Collection entries:
--------------------------------
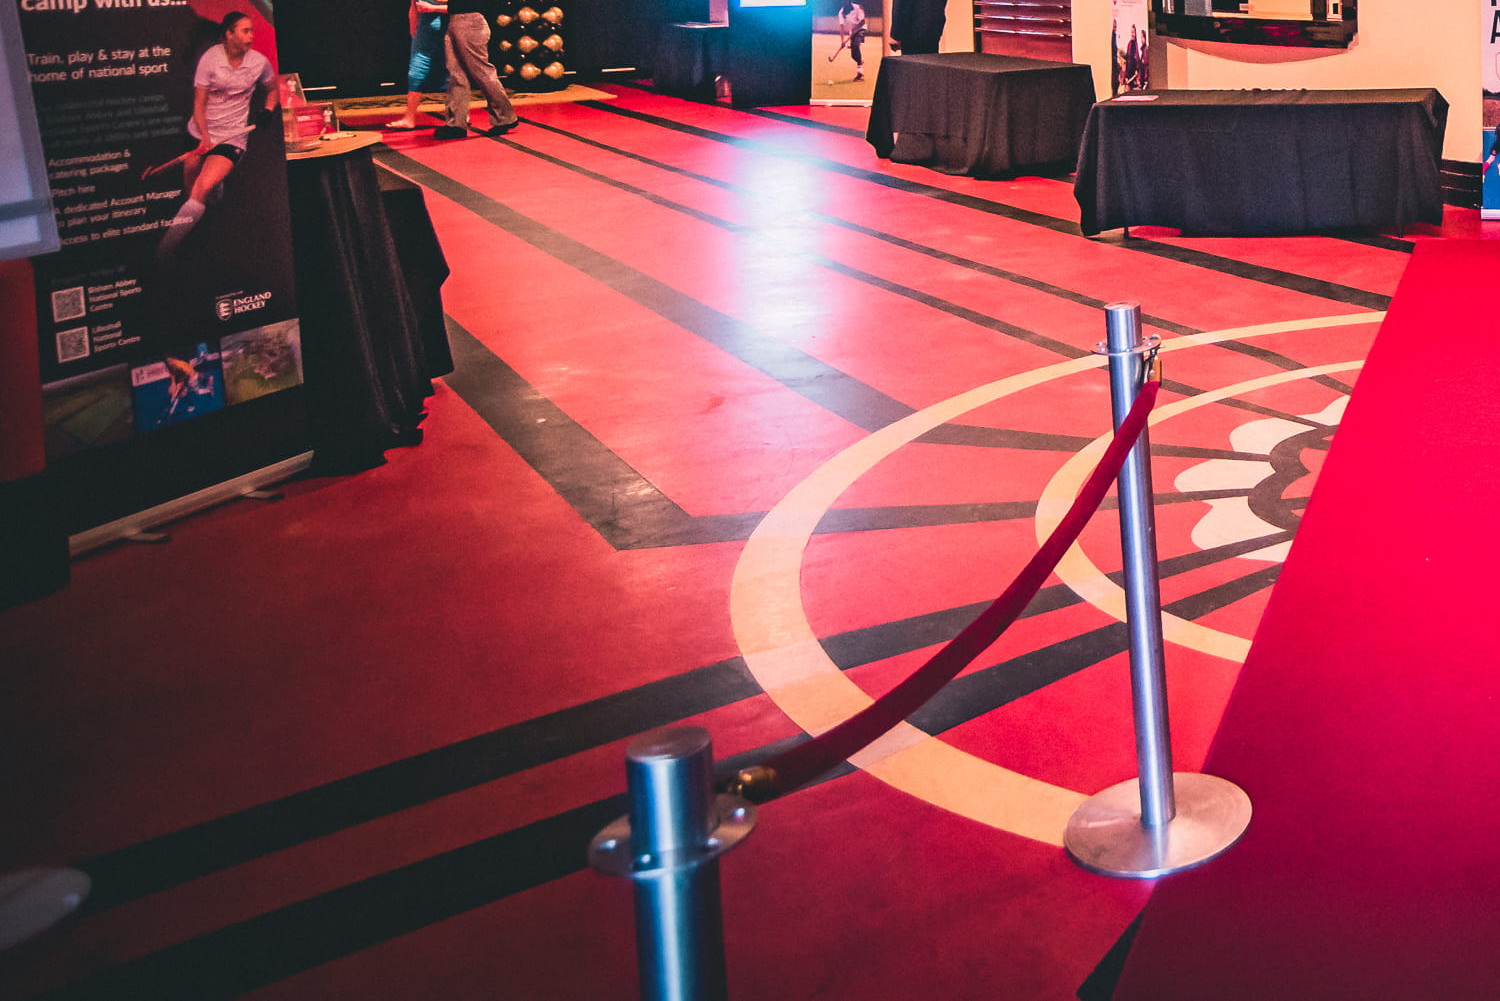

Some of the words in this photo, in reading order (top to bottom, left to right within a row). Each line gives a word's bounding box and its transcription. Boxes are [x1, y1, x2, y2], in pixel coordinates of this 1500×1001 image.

[68, 50, 94, 65] play
[97, 48, 107, 61] &
[111, 48, 135, 61] stay
[138, 47, 150, 58] at
[152, 45, 171, 57] the
[71, 68, 84, 80] of
[88, 65, 136, 79] national
[138, 62, 168, 76] sport
[233, 291, 271, 306] ENGLAND
[234, 300, 266, 315] HOCKEY
--------------------------------
[Your instructions]:
The answer must restate each entry word for word and contain no images.

[Expected output]:
Some of the words in this photo, in reading order (top to bottom, left to right within a row). Each line gives a word's bounding box and its transcription. Boxes are [x1, y1, x2, y2], in pixel coordinates of this 1500×1001 image.

[68, 50, 94, 65] play
[97, 48, 107, 61] &
[111, 48, 135, 61] stay
[138, 47, 150, 58] at
[152, 45, 171, 57] the
[71, 68, 84, 80] of
[88, 65, 136, 79] national
[138, 62, 168, 76] sport
[233, 291, 271, 306] ENGLAND
[234, 300, 266, 315] HOCKEY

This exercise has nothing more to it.